Decisions on admitting or excluding improperly obtained evidence are not instances of a single "exclusionary rule." Rather, they depend on whether the premise of the impropriety was a law addressed to the manner of obtaining or using the evidence or a law protecting some unrelated interest. See State v. Valdez, supra; State v. Fairley, 282 Or. 689, 580 P.2d 179 (1978), and cf. State v. Haynes, supra; State v. Jones, 279 Or. 55, 60, 566 P.2d 867 (1977). Thus cases like State v. Valentine/Darroch, 264 Or. 54, 504 P.2d 84 (1972), are not in point. There defendants claimed that the police had failed to comply with a statute requiring an officer to give notice of his authority and purpose before forcing entry into a dwelling, and the court held that the statutory violation, if proved, would not compel suppression of the resulting evidence.
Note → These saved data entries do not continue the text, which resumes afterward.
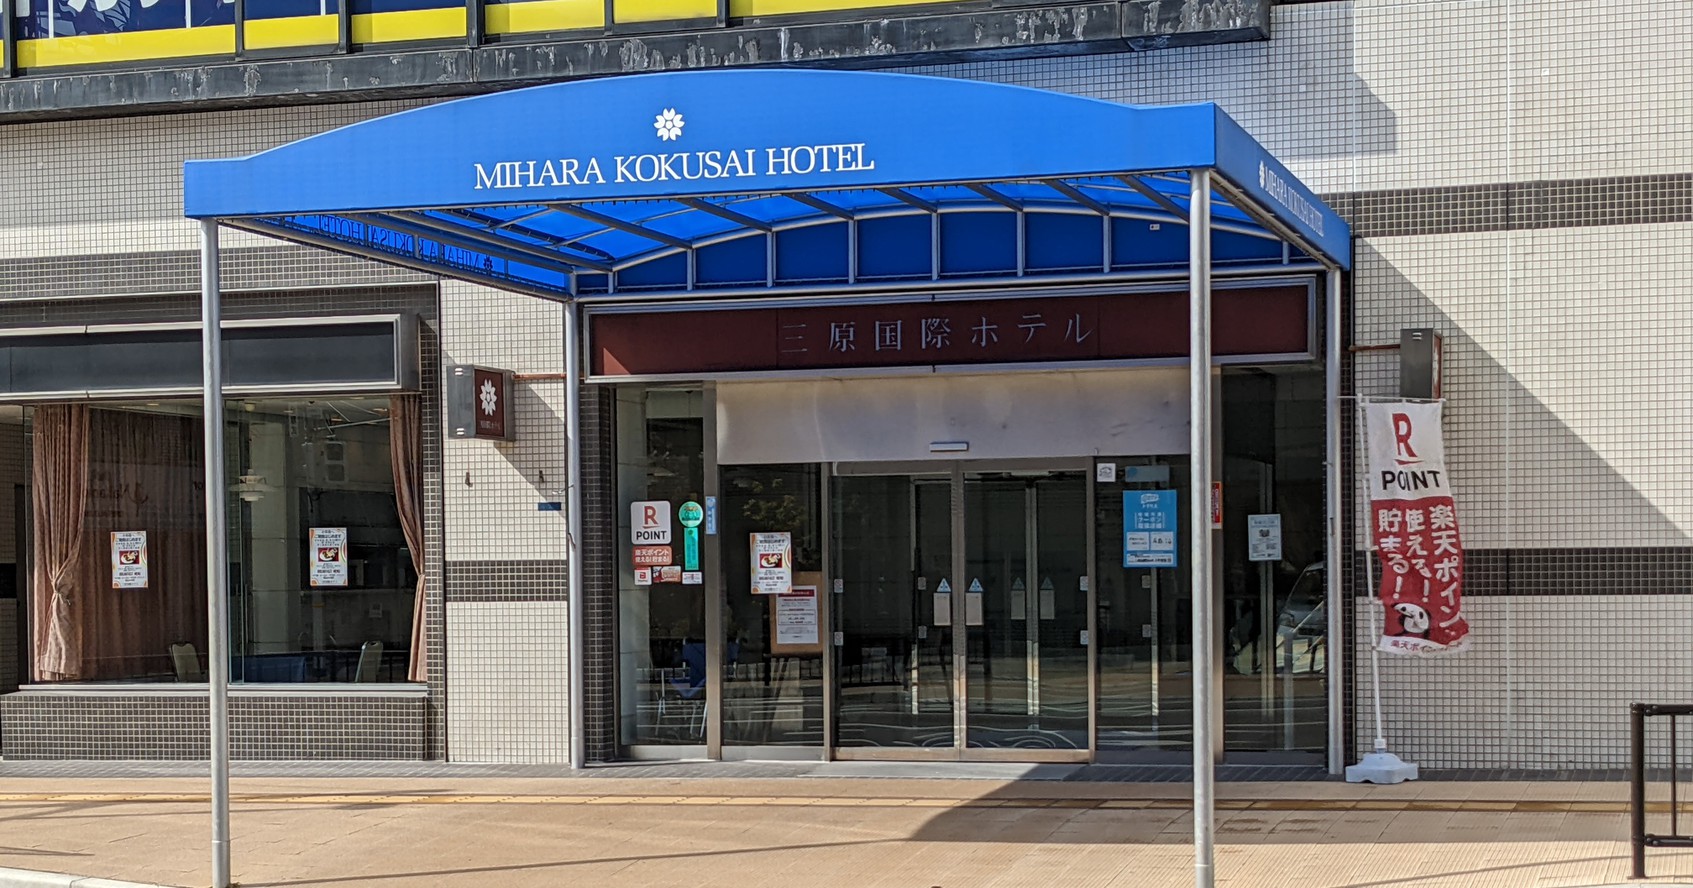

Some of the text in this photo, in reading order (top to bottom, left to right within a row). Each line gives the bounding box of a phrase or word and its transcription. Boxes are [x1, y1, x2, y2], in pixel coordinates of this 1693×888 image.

[474, 143, 874, 190] MIHARA KOKUSAI HOTEL
[1265, 166, 1287, 207] MIHARA
[781, 313, 1096, 354] 三原国際ホテル
[1392, 412, 1418, 458] R
[1381, 470, 1441, 491] POINT
[636, 530, 667, 541] POINT
[644, 505, 658, 525] R
[1378, 508, 1410, 600] 貯まる！
[1428, 505, 1462, 634] 楽天ポイン
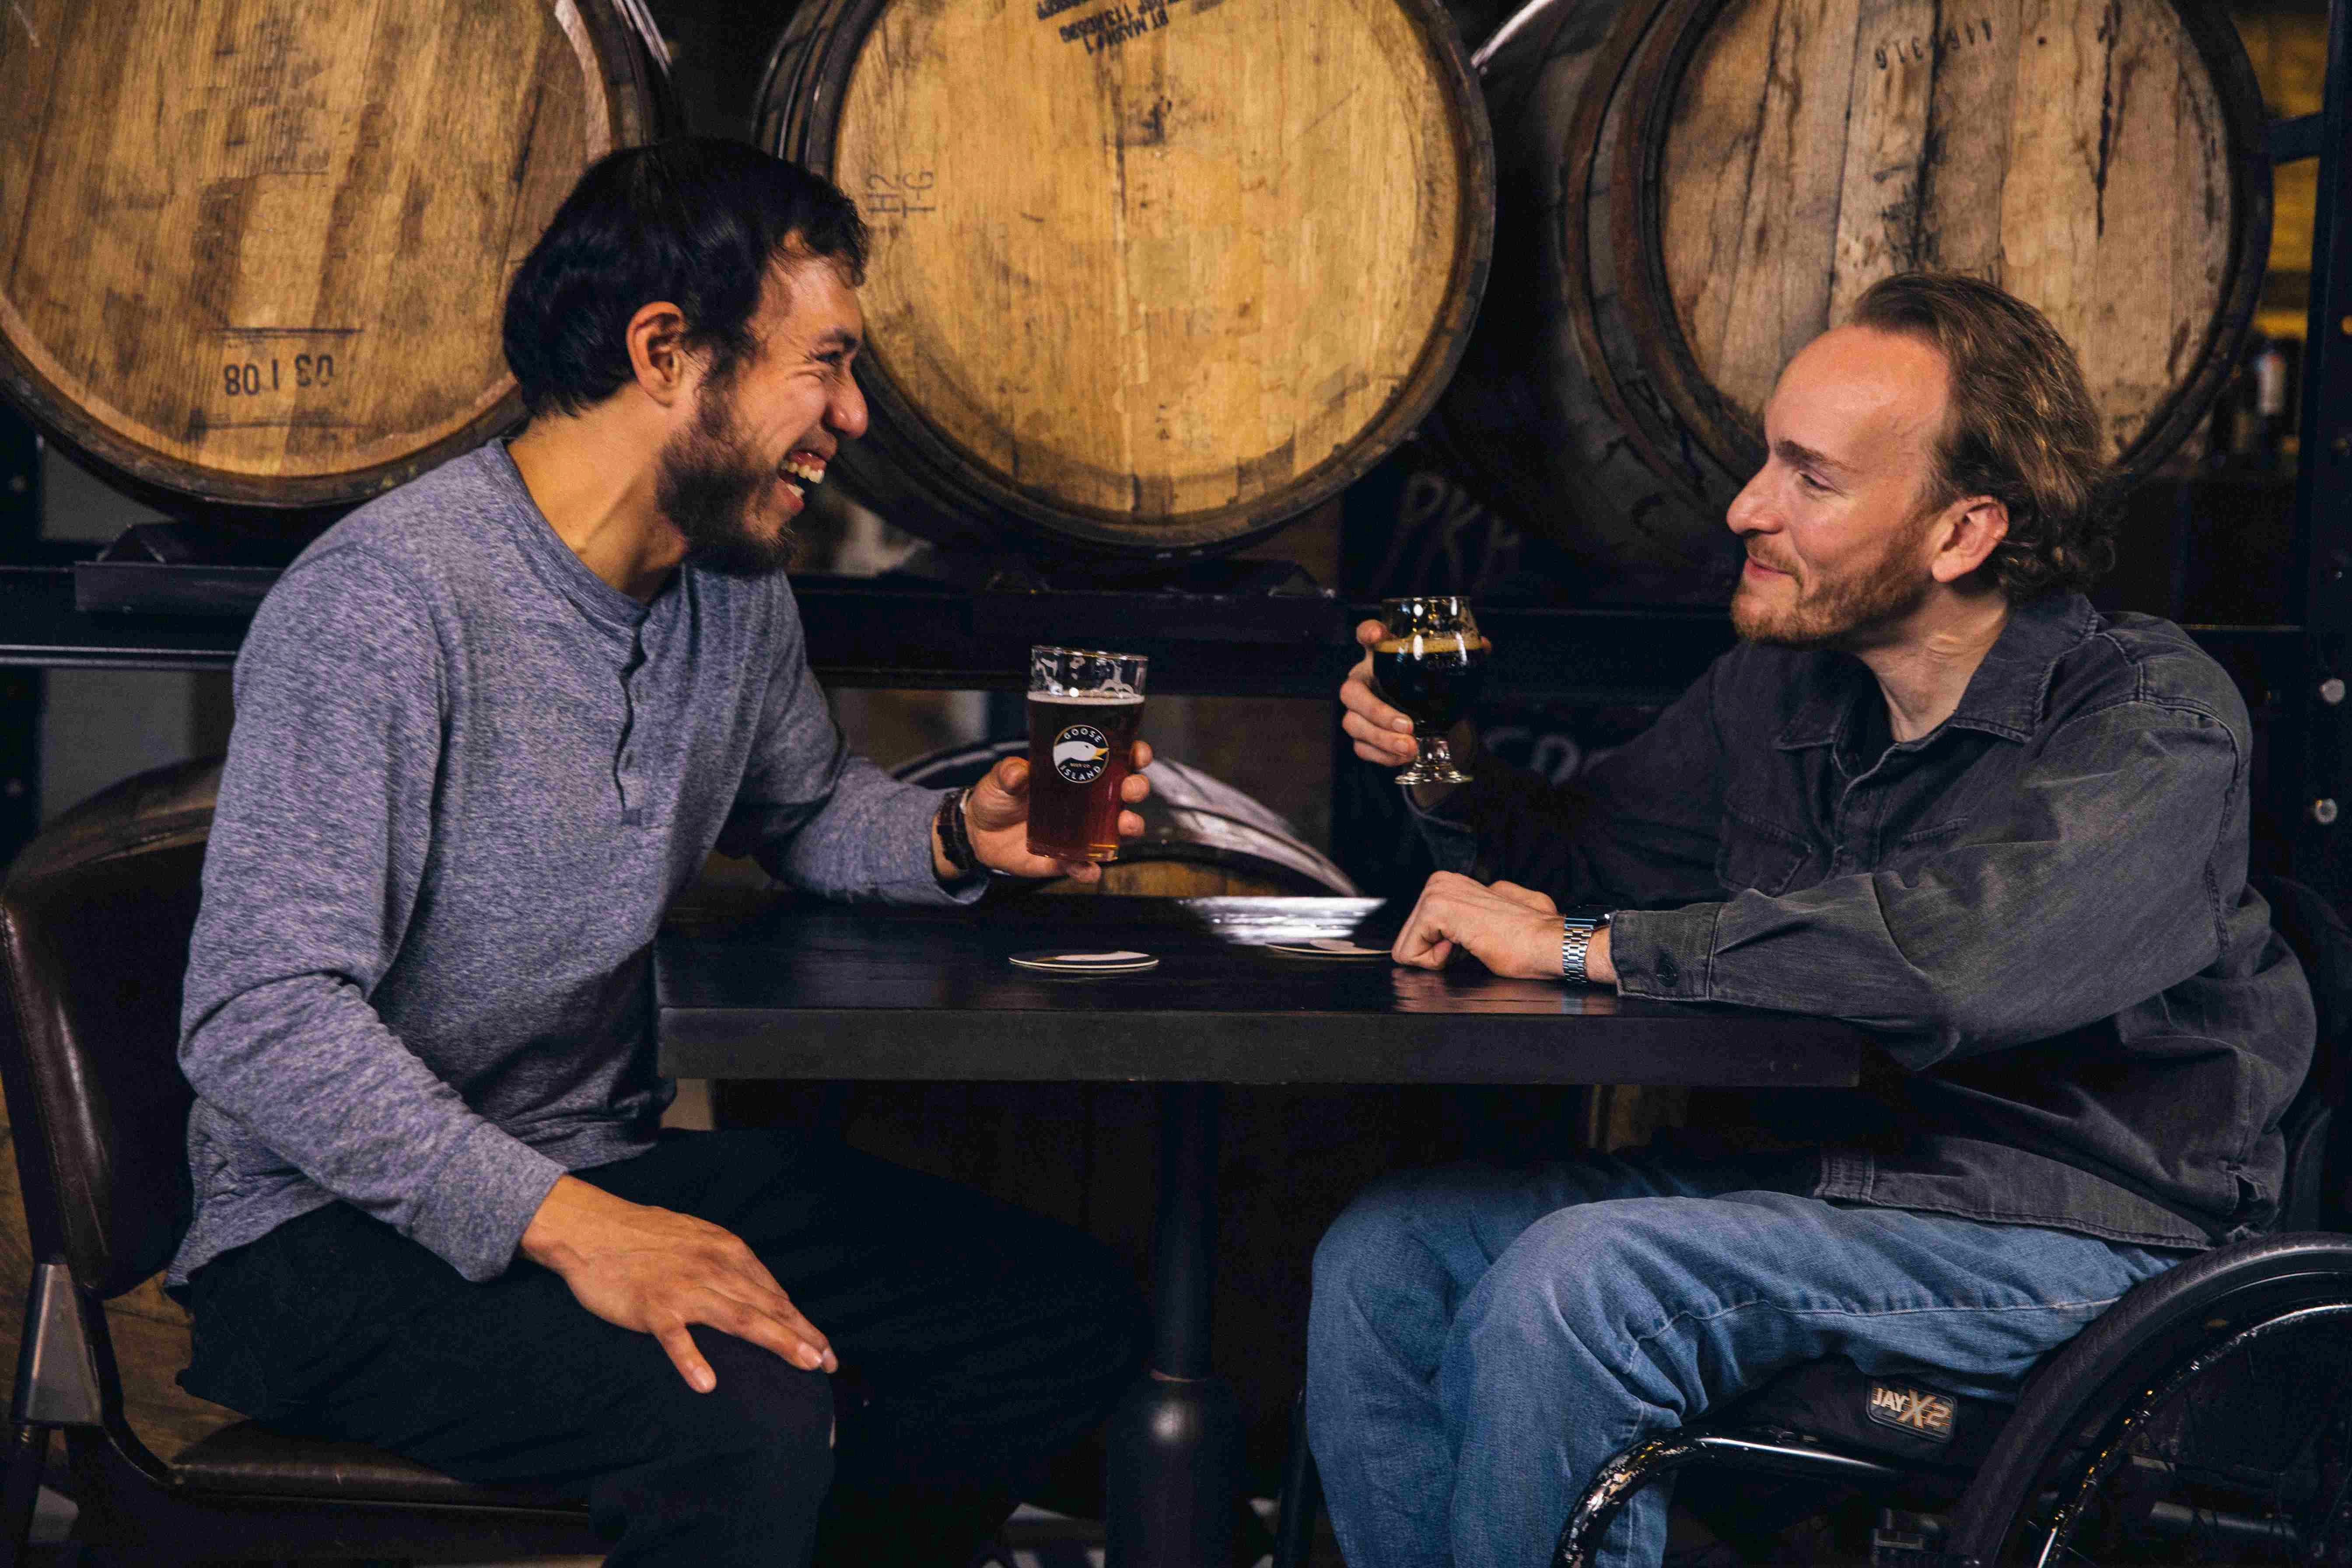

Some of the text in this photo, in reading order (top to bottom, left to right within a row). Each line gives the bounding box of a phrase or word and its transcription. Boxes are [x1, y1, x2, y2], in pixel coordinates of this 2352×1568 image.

[1064, 728, 1102, 743] GOOSE
[1059, 766, 1101, 781] ISLAND
[1871, 1387, 1953, 1428] JAY X2
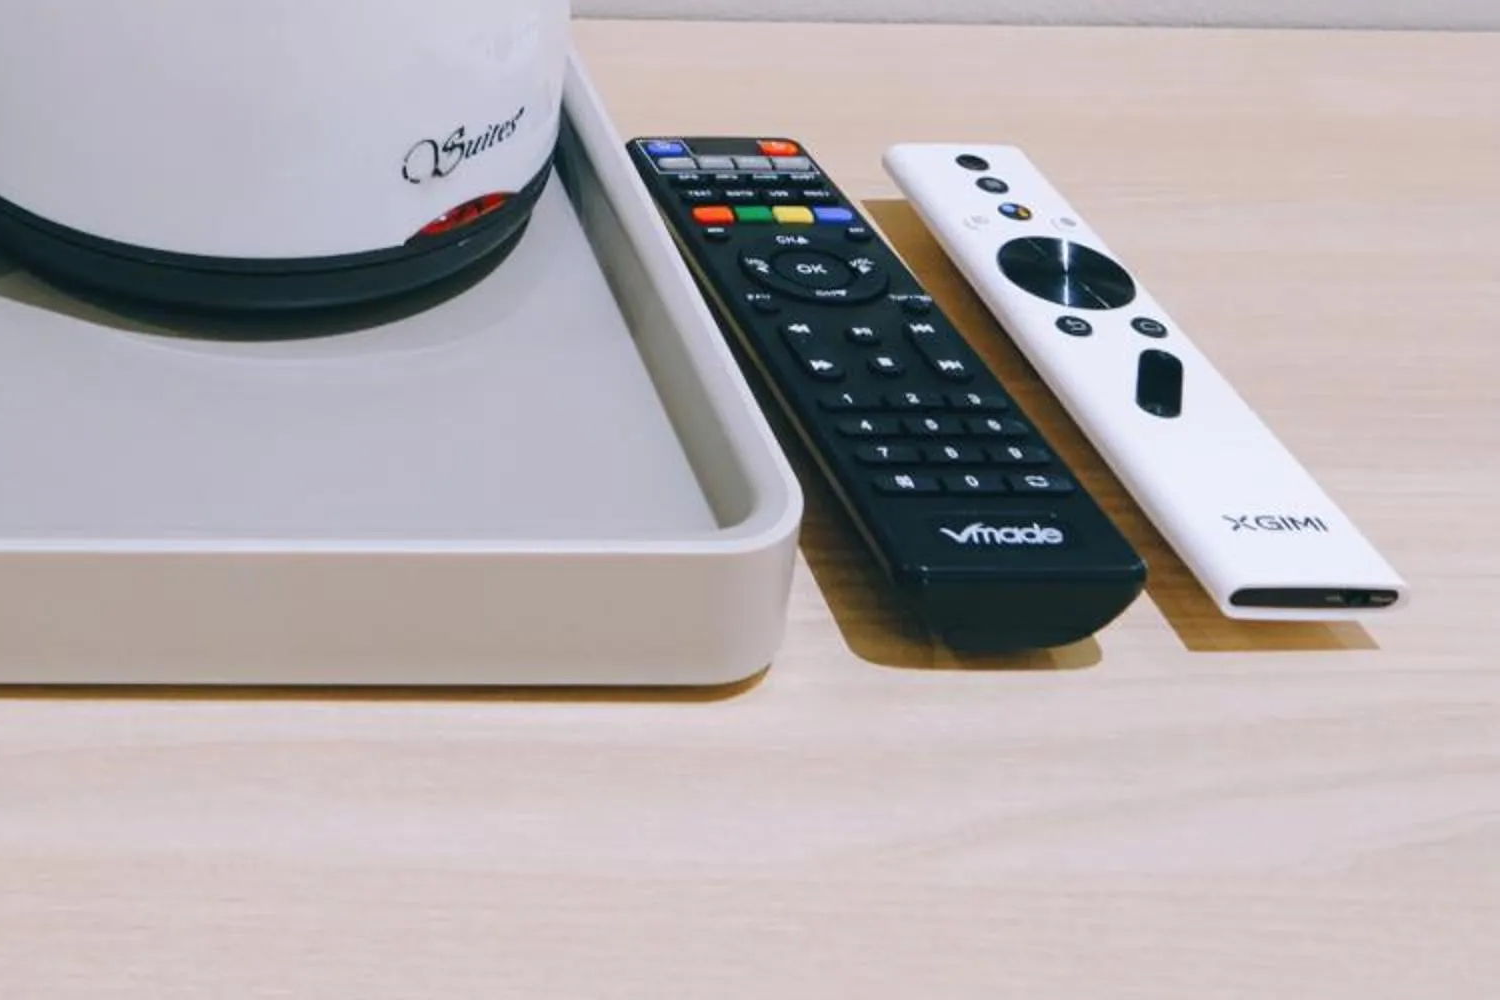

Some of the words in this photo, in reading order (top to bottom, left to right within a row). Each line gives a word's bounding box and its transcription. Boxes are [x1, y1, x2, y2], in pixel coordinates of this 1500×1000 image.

[905, 392, 920, 404] 2
[876, 446, 888, 458] 7
[1222, 515, 1328, 532] XGIMI
[940, 523, 1064, 545] Vmade
Unlike that statute, ORS 487.805 is plainly and solely directed to the manner of obtaining breath test evidence in DUII cases, and a finding that defendant was improperly constrained in making the statutory choice necessarily vitiates the test. Cf., e.g., Benanti v. United States, 355 U.S. 96, 78 S. Ct. 155, 2 L. Ed. 2d 126 (1957) (excluding evidence obtained in violation of wiretapping law).